Türkler Ortadoğu coğrafyasına ayak bastıkları ve buraları kendilerine vatan edinmeye karar verdikleri günden beri başları belalardan ve komplolardan eksik olmamıştır. 1916 Sykes-Picot ve 1920 Sevr Anlaşmalarının amacı hep Türkleri Ortadoğu coğrafyasından atmak ya da en azından dar ve denizsiz bir çember içinde tutmak olmuştur. Osmanlı daha dağılmadan bile Misak-ı Milli sınırlarına razı olan Türkler, Osmanlının dağılmasından sonra misaktan bazı tavizler vererek Türkiye Cumhuriyeti’ni kurabilmişlerdir.

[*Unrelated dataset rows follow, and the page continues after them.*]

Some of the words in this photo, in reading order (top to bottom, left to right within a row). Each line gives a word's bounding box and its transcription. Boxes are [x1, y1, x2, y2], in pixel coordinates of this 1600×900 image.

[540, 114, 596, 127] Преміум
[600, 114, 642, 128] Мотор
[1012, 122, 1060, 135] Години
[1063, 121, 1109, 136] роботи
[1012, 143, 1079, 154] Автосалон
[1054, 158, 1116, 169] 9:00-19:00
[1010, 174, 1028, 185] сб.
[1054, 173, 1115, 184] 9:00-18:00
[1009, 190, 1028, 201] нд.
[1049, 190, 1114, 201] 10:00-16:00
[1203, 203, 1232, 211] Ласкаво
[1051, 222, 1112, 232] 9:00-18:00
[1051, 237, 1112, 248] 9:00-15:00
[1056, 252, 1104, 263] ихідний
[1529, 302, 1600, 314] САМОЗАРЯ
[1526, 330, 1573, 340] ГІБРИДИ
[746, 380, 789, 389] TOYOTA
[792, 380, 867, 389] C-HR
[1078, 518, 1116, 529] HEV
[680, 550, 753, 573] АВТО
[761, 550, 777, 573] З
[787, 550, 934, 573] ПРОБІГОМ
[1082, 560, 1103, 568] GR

Türkiye Cumhuriyeti bu badirelerle 20. Asrı kapatırken, 21. Asırda başka komplolarla yüzleşmeye başlamıştır. PKK terör örgütünün dış mihraklarca desteklenmesi, Irak’ın kuzeyinde adı konulmamış bir Kürt oluşumunun yapılandırılması, Suriye’nin karıştırılması, ABD ve Rusya’nin birlikte desteklediği ve Akdeniz’e uzanabilecek kadar bir Kürt koridorunun açılmaya çalışılması bunların başında gelir.

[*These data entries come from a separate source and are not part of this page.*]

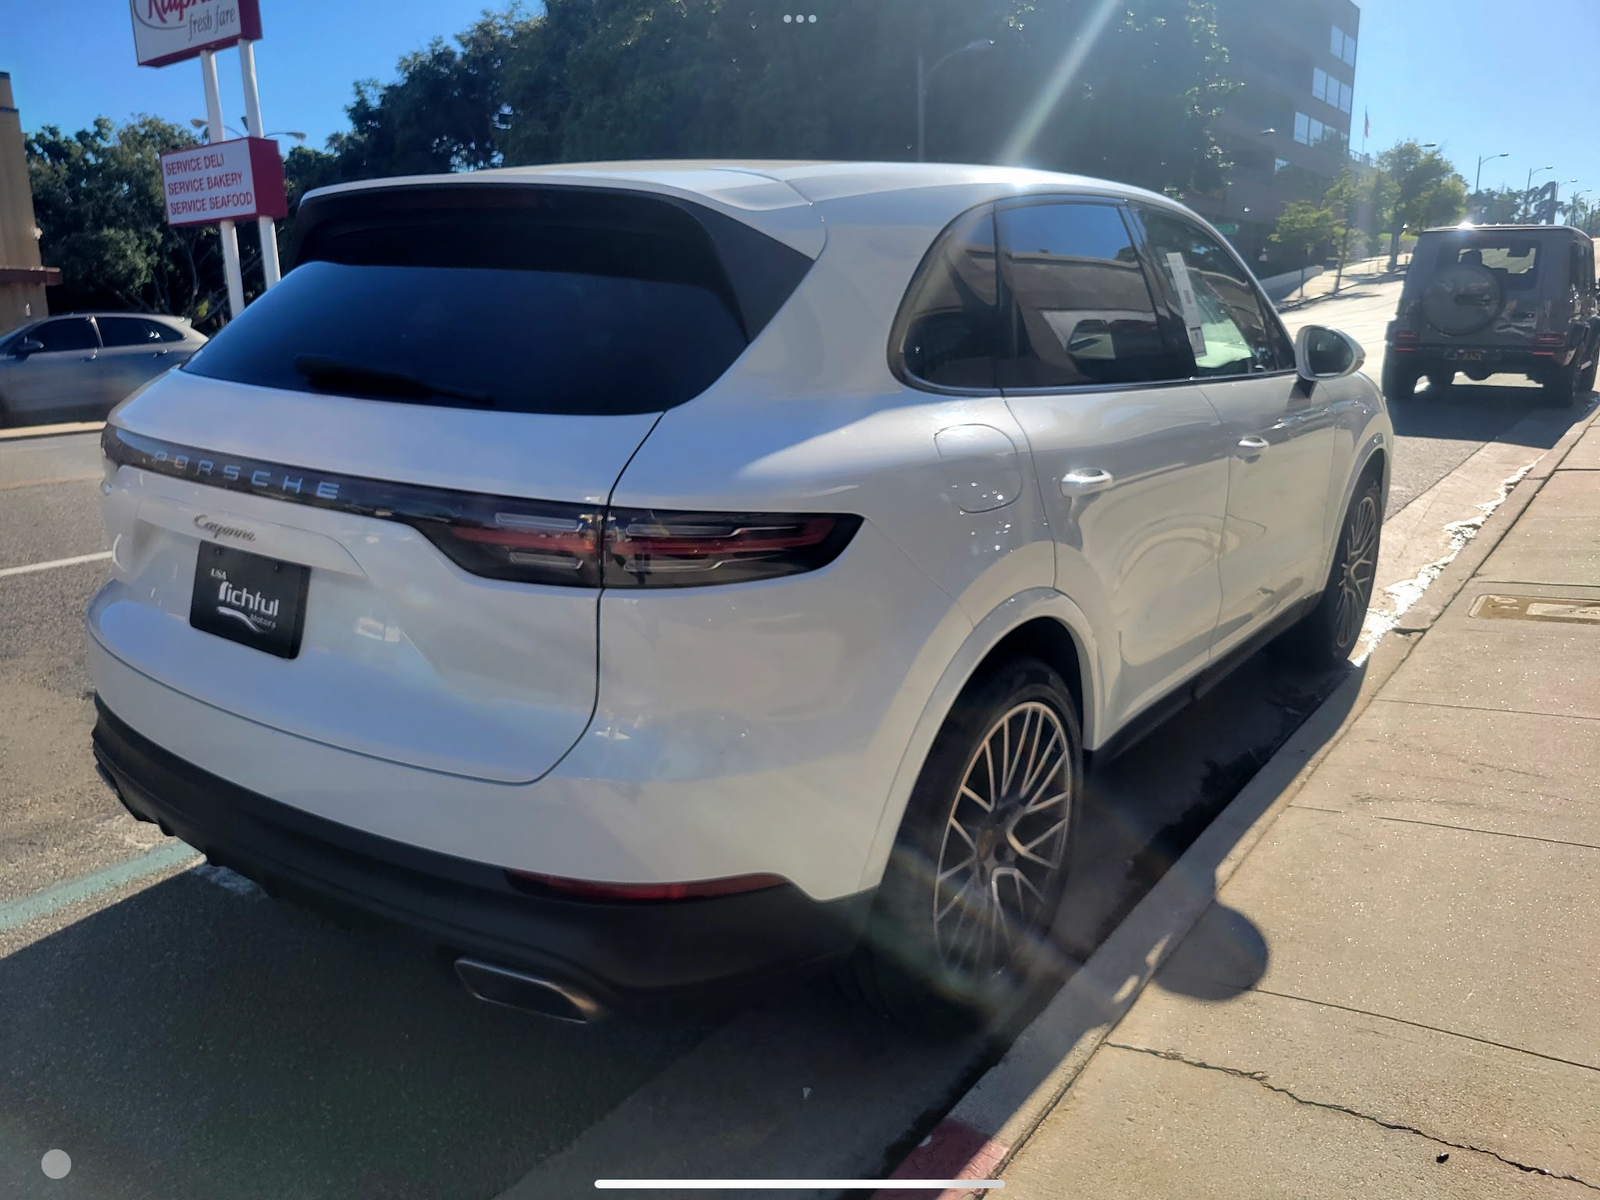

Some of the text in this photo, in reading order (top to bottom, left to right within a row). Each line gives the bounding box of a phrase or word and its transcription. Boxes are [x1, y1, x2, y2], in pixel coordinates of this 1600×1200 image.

[188, 5, 236, 41] fresh fare
[165, 153, 224, 176] SERVICE DELI
[168, 172, 243, 196] SERVICE BAKERY
[170, 192, 253, 216] SERVICE SEAFOOD
[152, 450, 340, 500] PORSCHE
[210, 567, 227, 580] USA

Fethullahçı terör örgütünün TSK’nın içine sızarak darbeye kalkışmasının başarısız olmasından sonra önümüzdeki sis perdesi yavaş yavaş aralanmaya ve adını ‘stratejik ortak’! koyduğumuz ABD’nin konumunu daha iyi anlamaya başladık. Hükümete yakın kaynaklar ve bir çok güvenilir yorumcular bu kalkışmadan ABD’nin haberdar olduğunu söylemektedir. Nitekim Fethullah Gülen’i teslim etmekte ayak sürtmesi de bunu telmih ediyor.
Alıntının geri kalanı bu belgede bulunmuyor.